Optimisation of fixation period on biological cells via time-lapse elasticity mapping

Chemical fixing is a standard approach for preserving the structural integrity of biological samples for downstream microscopy and analysis. However, the standard protocols are typically geared towards regular optical or fluorescence microscopy and this can lead to topographical artifacts during scanning probe microscopy imaging. Furthermore, there are many different fixatives and protocols available, and determining which is the most appropriate for a particular cell line (that will subsequently require imaging by scanning probe microscopy) is often important. The rationale for this study was to review fixation approaches in the context of probe microscopy and to determine whether elasticity mapping is a useful tool for estimating the optimal fixing duration. Our findings suggest that, for the human breast carcinoma cell line MCF7 fixed in 4% fresh buffered formaldehyde, the degree of cross linking approaches completeness within 30 min.
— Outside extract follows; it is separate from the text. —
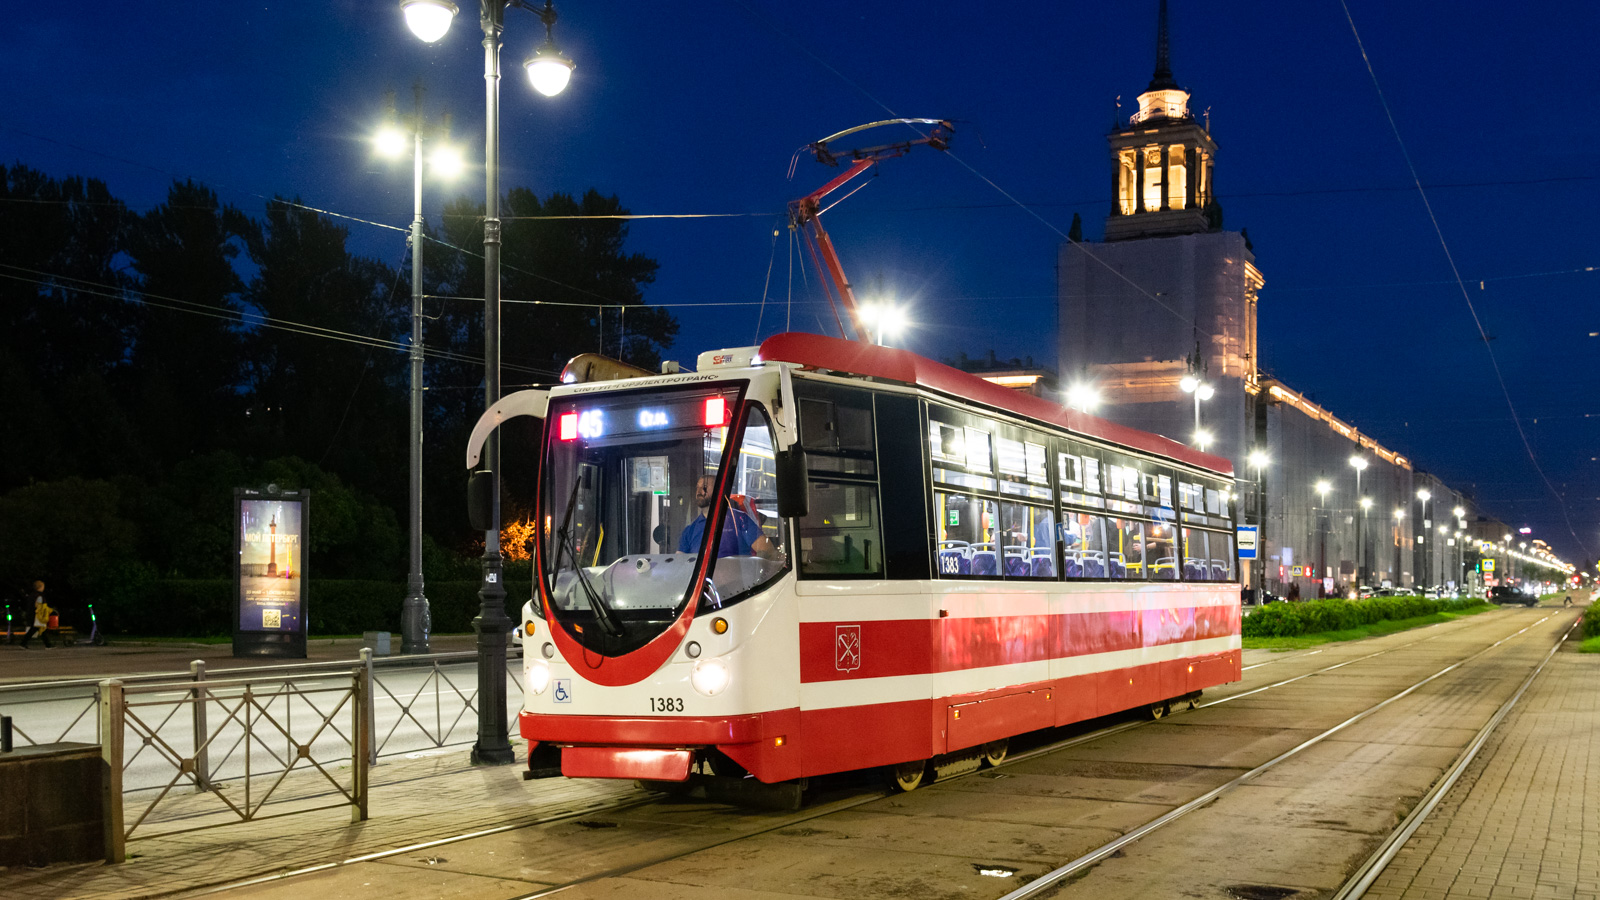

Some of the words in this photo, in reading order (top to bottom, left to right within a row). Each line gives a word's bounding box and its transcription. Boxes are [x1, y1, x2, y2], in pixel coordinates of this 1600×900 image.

[578, 409, 603, 438] 45
[941, 556, 959, 573] 1383
[650, 697, 684, 712] 1383
Knowledge of this is important, particularly in the context of the adjunct technique of fluorescence microscopy as under fixation causes the loss of signals and poor preservation of morphological detail, whereas over fixation causes the loss of signals and increases background noise from non specific signals. Thus, such measurements represent the best compromise for fixation approaches in preparation for tandem scanning probe and fluorescence/confocal studies.